Sancionado texto da reforma trabalhista

Em 13 de julho de 2017, o Presidente da República, Michel Temer, sancionou o projeto de reforma trabalhista aprovado pelo Congresso.

A reforma proposta altera mais de 200 (duzentos) dispositivos da Consolidação das Leis Trabalhistas. Dentre elas, destacam-se as seguintes alterações:

– Fim da contribuição sindical obrigatória, que dependerá da anuência expressa do empregado;

– Fracionamento das férias em até três períodos;

– Jornada diária poderá ser de 12 horas, com 36 horas de descanso;

– Fim das horas in itinere, independente da localização da empresa ou do fornecimento de transporte;

– Intervalo dentro da jornada de trabalho poderá ser negociado, desde que tenha pelo menos 30 minutos;

– Pagamento do piso ou salário mínimo não será obrigatório na remuneração por produção;

– Possibilidade de plano de carreira ser negociado entre empregadores e empregados, sem necessidade de homologação nem registro em contrato;

– Regulação do trabalho remoto “home office”;

– Empregados com contrato de trabalho por tempo parcial poderão trabalhar 30 (trinta) horas semanais;

– Compensação das horas de trabalho por acordo individual escrito com o empregado;

– Livre estipulação das regras do contrato de trabalho para empregados com nível superior e salário maior ou igual a duas vezes o teto da previdência (R$11.062,62);

– Não integram a remuneração do empregado, ainda que habituais, os abonos, prêmios, diárias de viagem, ajuda de custo e auxílio-alimentação;

– Não haverá mais necessidade de homologação da rescisão pelo sindicato;

– Extinção do contrato de trabalho por mútuo acordo, com pagamento de metade do aviso prévio e metade da multa de 40% sobre o saldo do FGTS. O empregado poderá movimentar até 80% do valor depositado pela empresa na conta do FGTS, mas não terá direito ao seguro-desemprego;

 

 

Outro ponto da reforma que merece destaque é a regulamentação da terceirização de todas as atividades da empresa, inclusive a atividade principal da contratante.
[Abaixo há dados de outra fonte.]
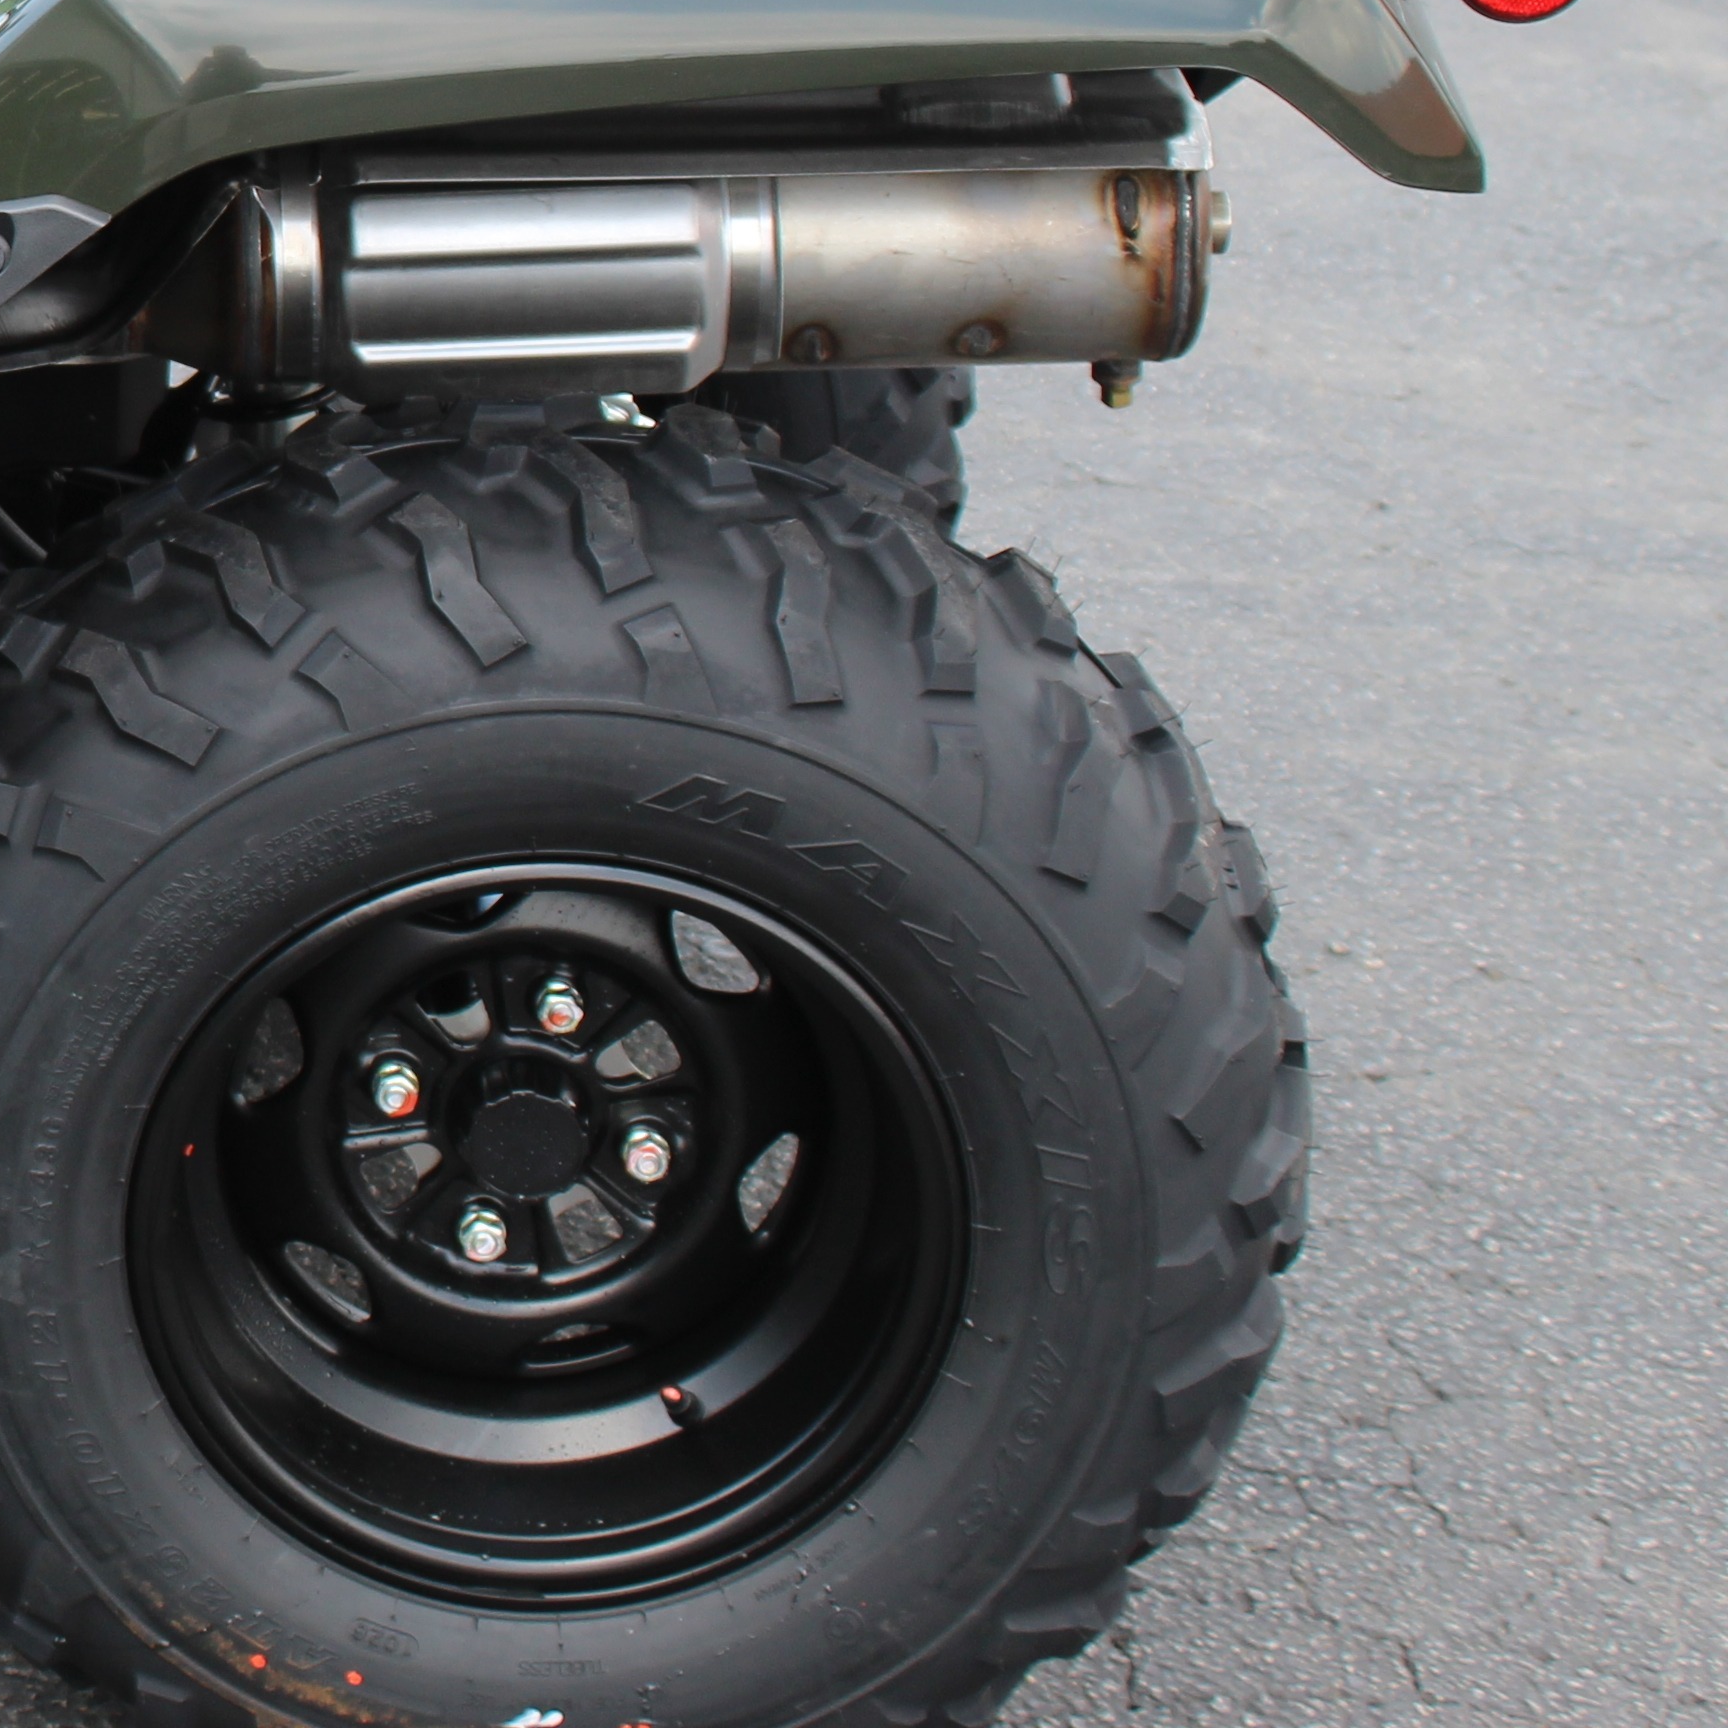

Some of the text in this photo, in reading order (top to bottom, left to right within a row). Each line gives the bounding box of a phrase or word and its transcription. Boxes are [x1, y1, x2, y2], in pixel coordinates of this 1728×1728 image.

[137, 854, 215, 926] WARNING
[635, 771, 1093, 1298] MAXXIS
[516, 1654, 607, 1680] TUBELESS
Aos empregados terceirizados são assegurados os mesmos direitos dos empregados da empresa contratante, como alimentação, assistência médica e transporte.

 

A legislação veda que empregados demitidos sejam sócios da contratada ou trabalhem como terceiros no prazo inferior a 18 (dezoito) meses após a rescisão do contrato de trabalho.

 

A alteração entrará em vigor no prazo de 120 dias a partir da sanção pelo Presidente.

 

Por fim, o governo editará medida provisória com novas alterações, sendo que a alternativa foi negociada para acelerar a tramitação da proposta no Congresso.